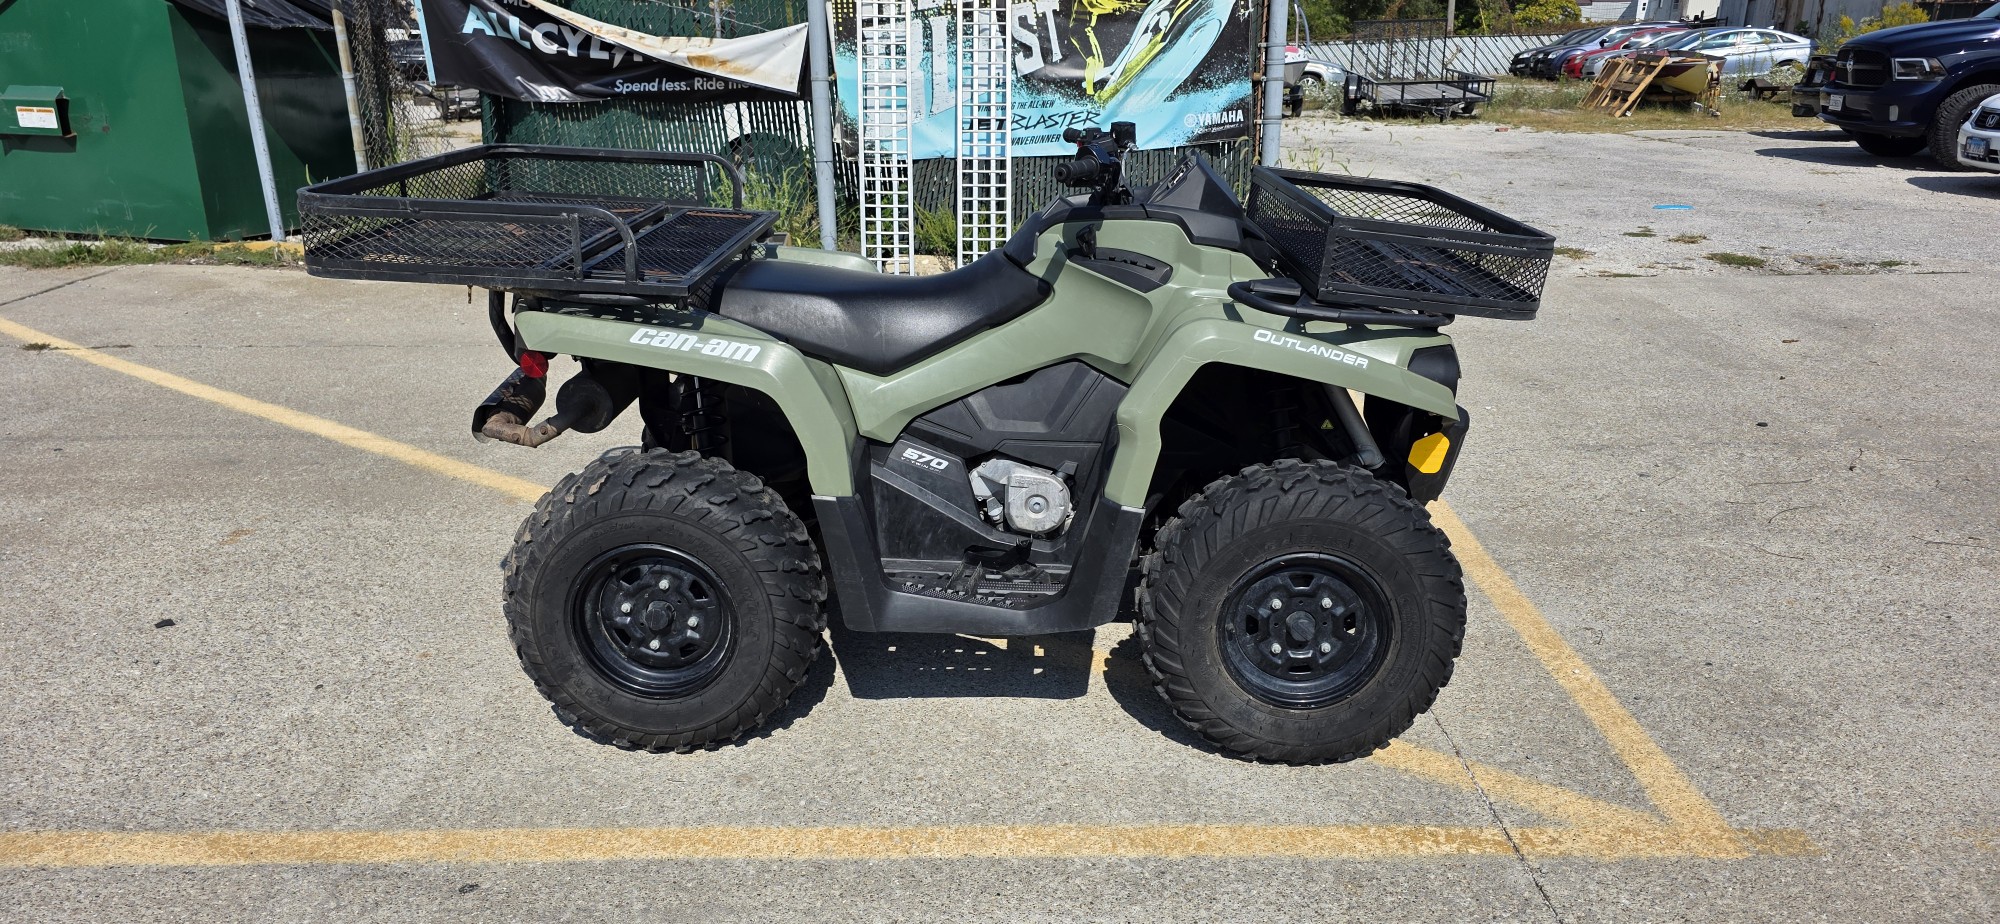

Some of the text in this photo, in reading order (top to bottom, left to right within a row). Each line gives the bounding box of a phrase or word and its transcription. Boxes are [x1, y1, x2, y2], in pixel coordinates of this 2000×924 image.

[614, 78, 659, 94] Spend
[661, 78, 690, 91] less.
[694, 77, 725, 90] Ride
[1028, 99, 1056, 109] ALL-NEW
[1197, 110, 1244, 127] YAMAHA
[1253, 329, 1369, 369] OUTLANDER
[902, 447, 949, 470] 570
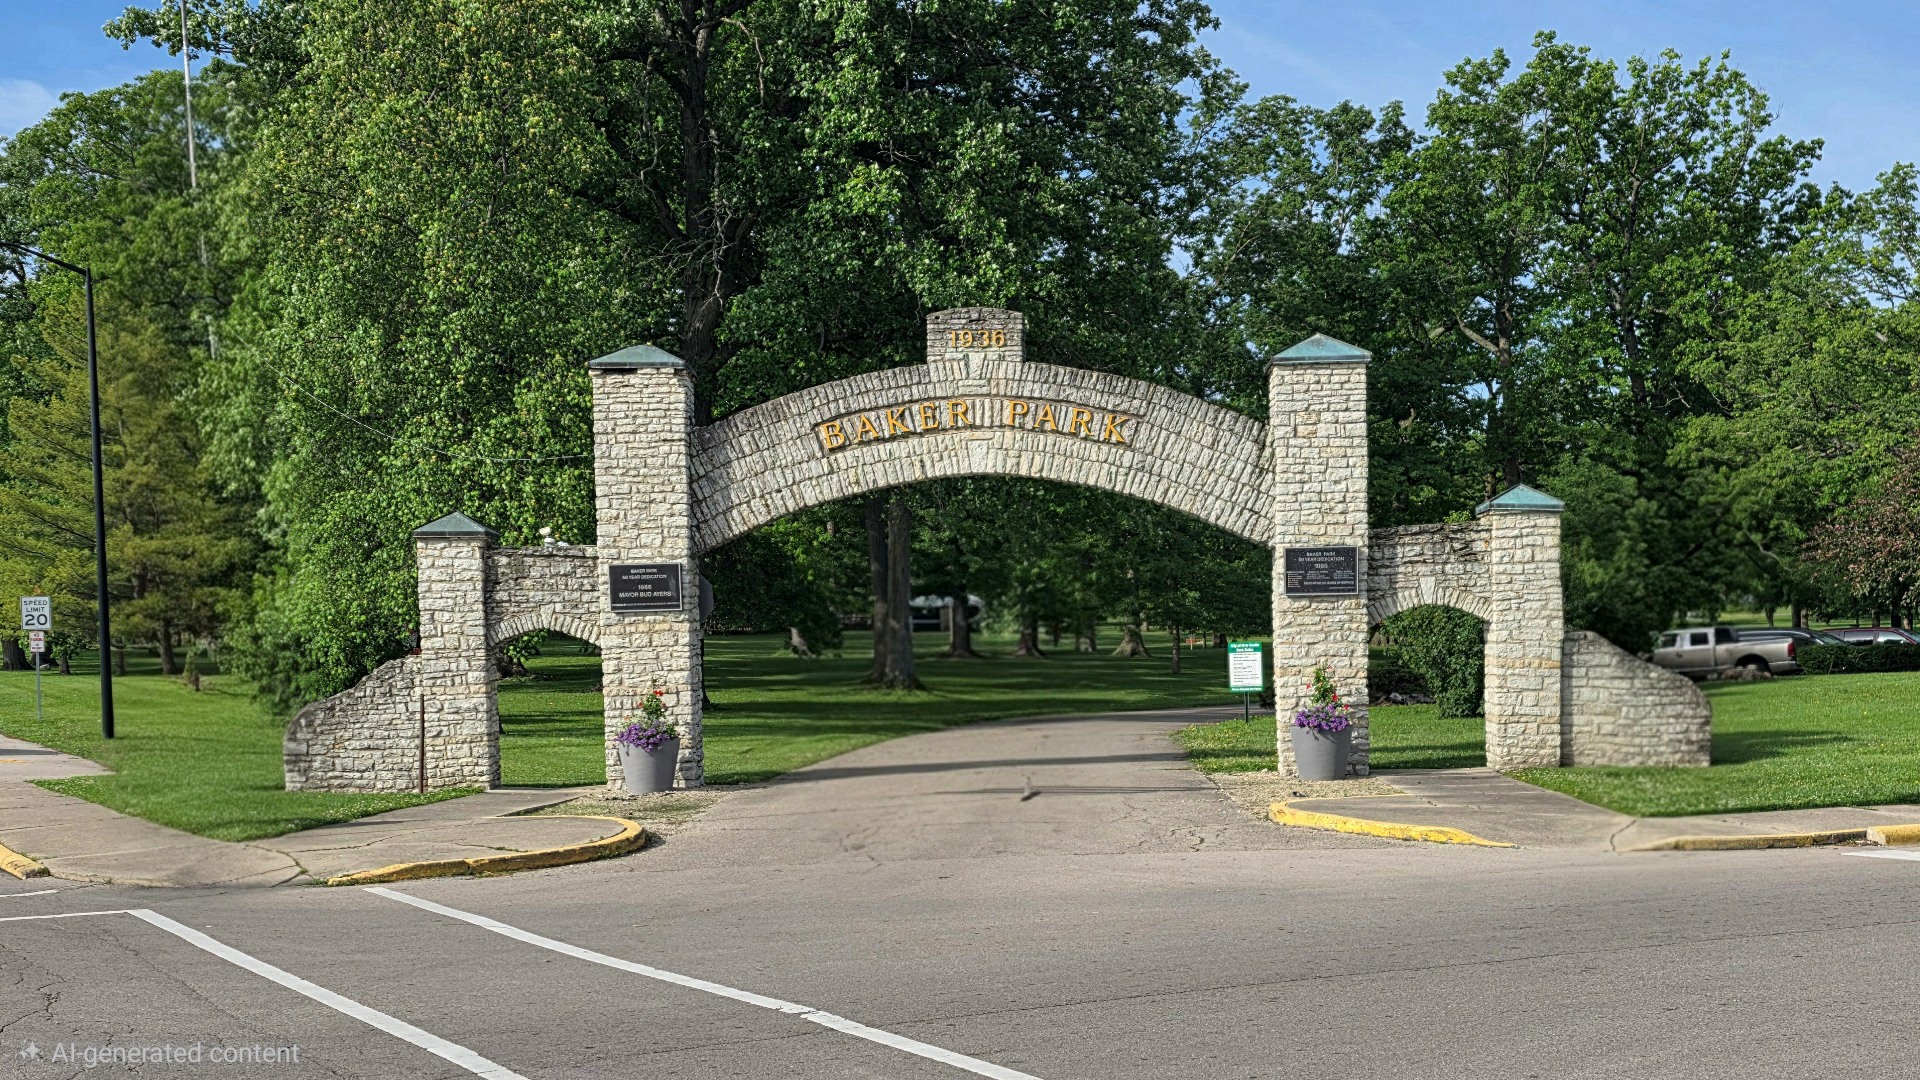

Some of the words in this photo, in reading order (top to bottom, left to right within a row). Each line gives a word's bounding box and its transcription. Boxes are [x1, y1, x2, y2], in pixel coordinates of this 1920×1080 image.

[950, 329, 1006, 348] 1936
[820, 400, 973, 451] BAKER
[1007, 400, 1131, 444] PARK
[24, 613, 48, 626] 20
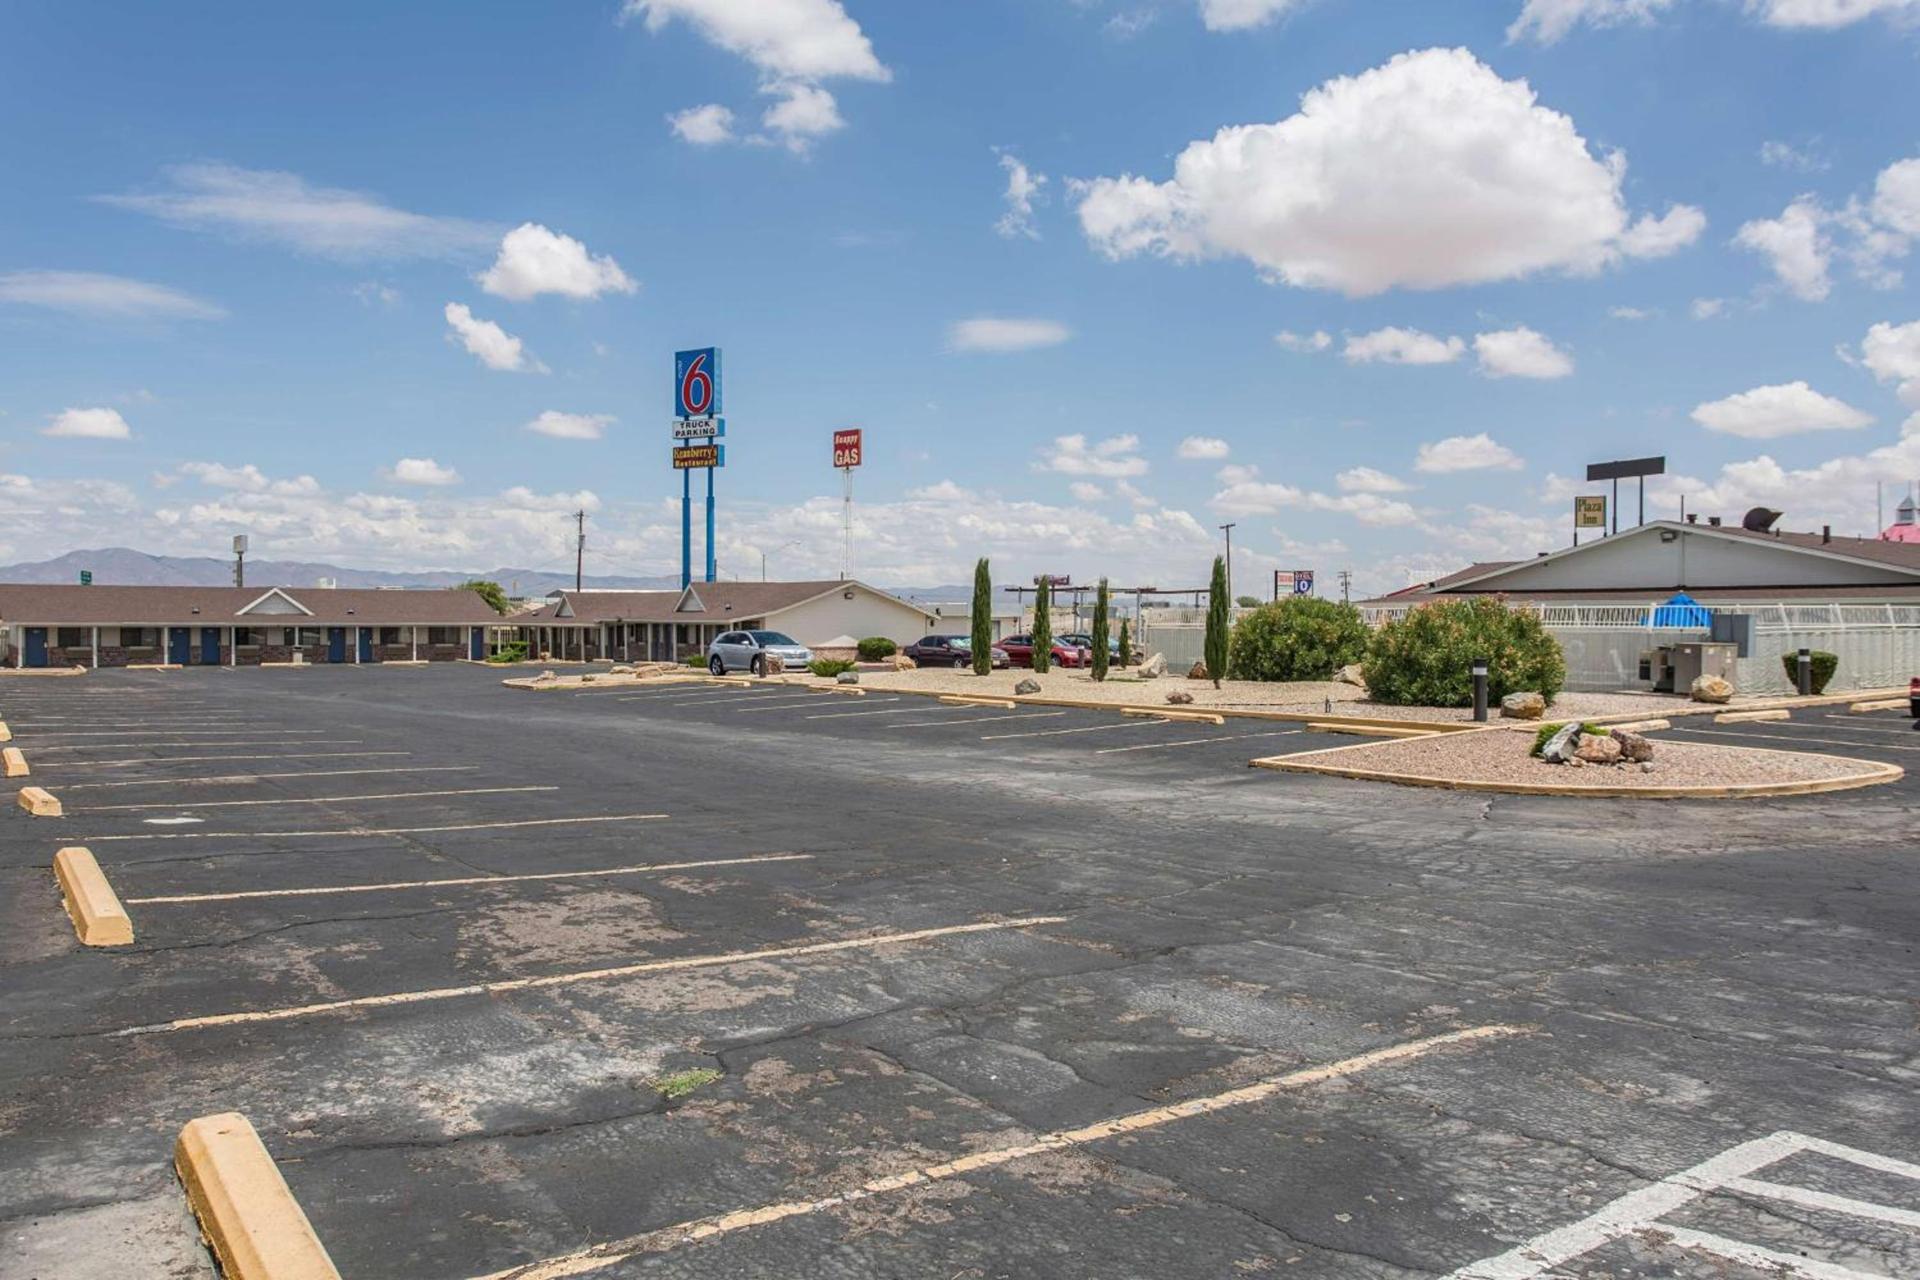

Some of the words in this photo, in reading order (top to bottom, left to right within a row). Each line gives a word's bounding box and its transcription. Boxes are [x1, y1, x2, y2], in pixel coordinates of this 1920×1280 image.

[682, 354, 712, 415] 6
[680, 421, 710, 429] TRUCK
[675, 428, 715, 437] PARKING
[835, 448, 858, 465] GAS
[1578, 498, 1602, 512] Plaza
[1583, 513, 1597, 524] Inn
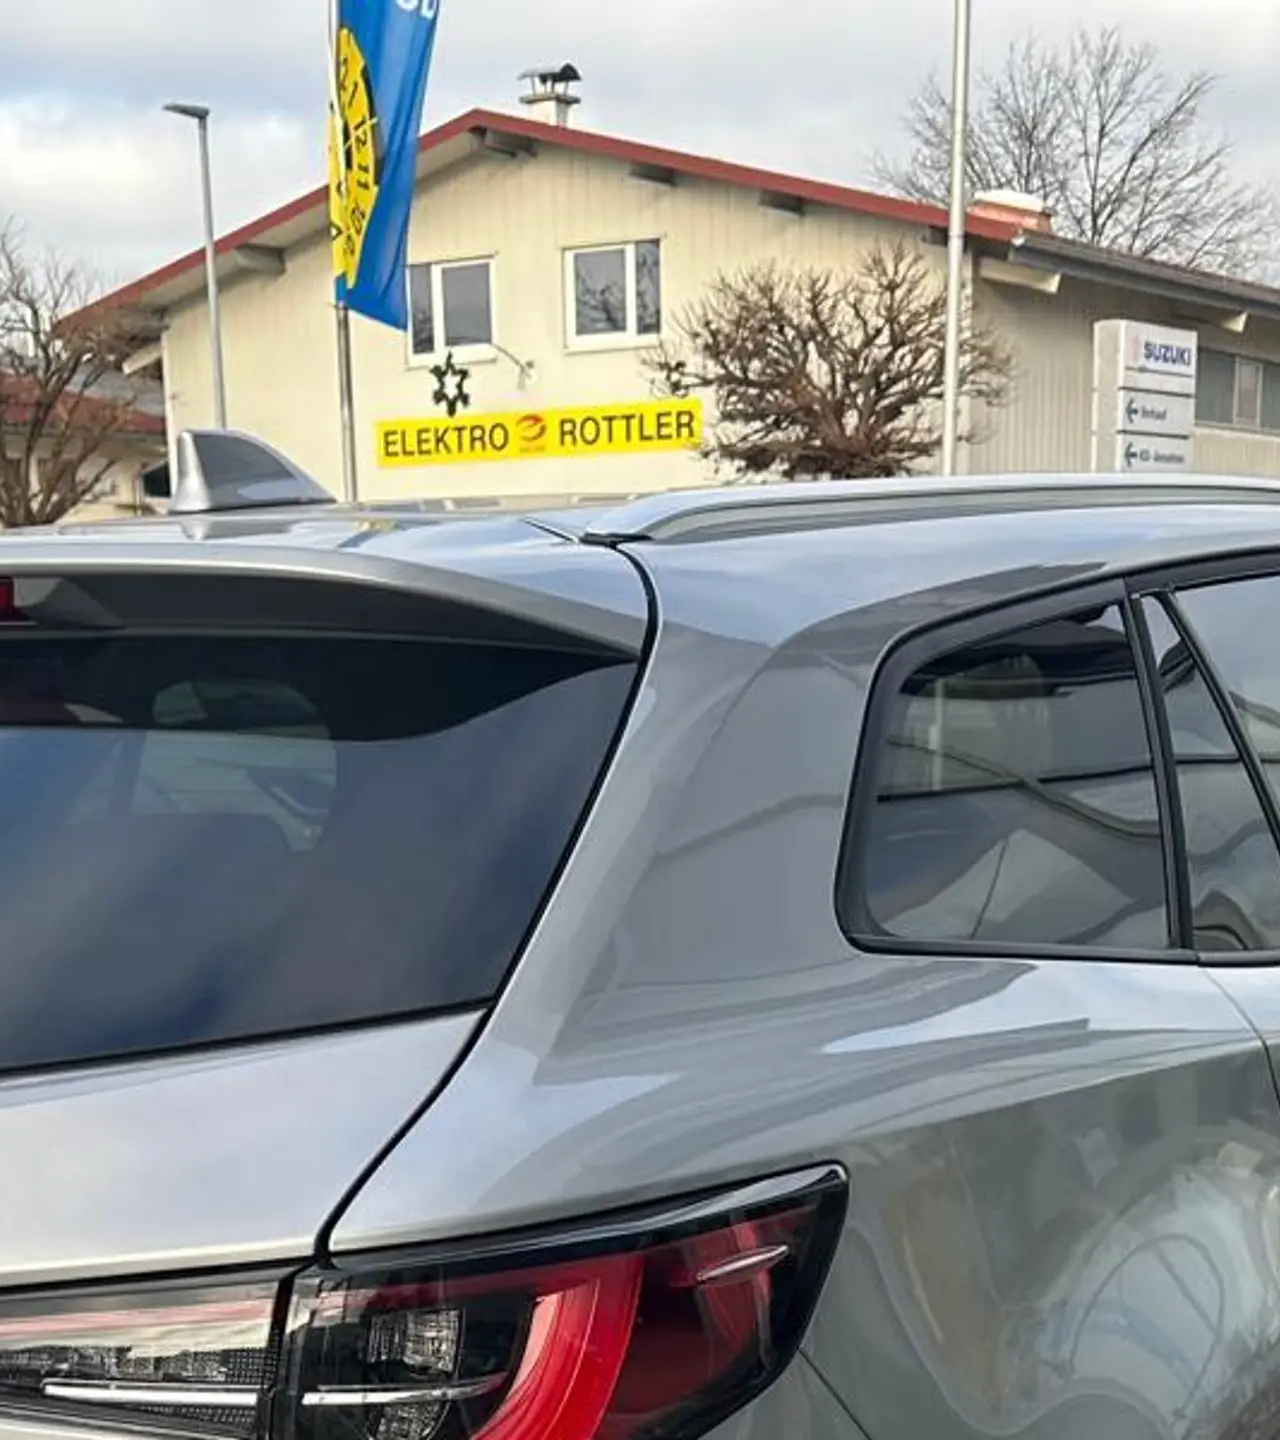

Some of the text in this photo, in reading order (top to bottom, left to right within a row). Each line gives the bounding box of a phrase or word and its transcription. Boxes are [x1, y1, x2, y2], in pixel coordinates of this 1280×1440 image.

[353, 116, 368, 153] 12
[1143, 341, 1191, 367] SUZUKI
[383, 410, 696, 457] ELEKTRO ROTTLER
○ ○ ○ ○ ○ ○ ○
Work item ::
Working from the listing above, retype it exactly but include no images.

Solution to this exercise ::
Some of the text in this photo, in reading order (top to bottom, left to right within a row). Each line gives the bounding box of a phrase or word and its transcription. Boxes are [x1, y1, x2, y2], in pixel coordinates of this 2000×924 image.

[614, 78, 659, 94] Spend
[661, 78, 690, 91] less.
[694, 77, 725, 90] Ride
[1028, 99, 1056, 109] ALL-NEW
[1197, 110, 1244, 127] YAMAHA
[1253, 329, 1369, 369] OUTLANDER
[902, 447, 949, 470] 570

Some of the words in this photo, in reading order (top to bottom, left to right within a row). Each line gives a word's bounding box and its transcription. Boxes are [x1, y1, x2, y2], in pixel coordinates of this 1920×1080 image.

[950, 329, 1006, 348] 1936
[820, 400, 973, 451] BAKER
[1007, 400, 1131, 444] PARK
[24, 613, 48, 626] 20

Some of the words in this photo, in reading order (top to bottom, left to right within a row). Each line gives a word's bounding box and its transcription. Boxes are [x1, y1, x2, y2], in pixel coordinates of this 1920×1280 image.

[682, 354, 712, 415] 6
[680, 421, 710, 429] TRUCK
[675, 428, 715, 437] PARKING
[835, 448, 858, 465] GAS
[1578, 498, 1602, 512] Plaza
[1583, 513, 1597, 524] Inn

Some of the text in this photo, in reading order (top to bottom, left to right within a row). Each line gives the bounding box of a phrase or word and its transcription. Boxes are [x1, y1, x2, y2], in pixel coordinates of this 1280×1440 image.

[353, 116, 368, 153] 12
[1143, 341, 1191, 367] SUZUKI
[383, 410, 696, 457] ELEKTRO ROTTLER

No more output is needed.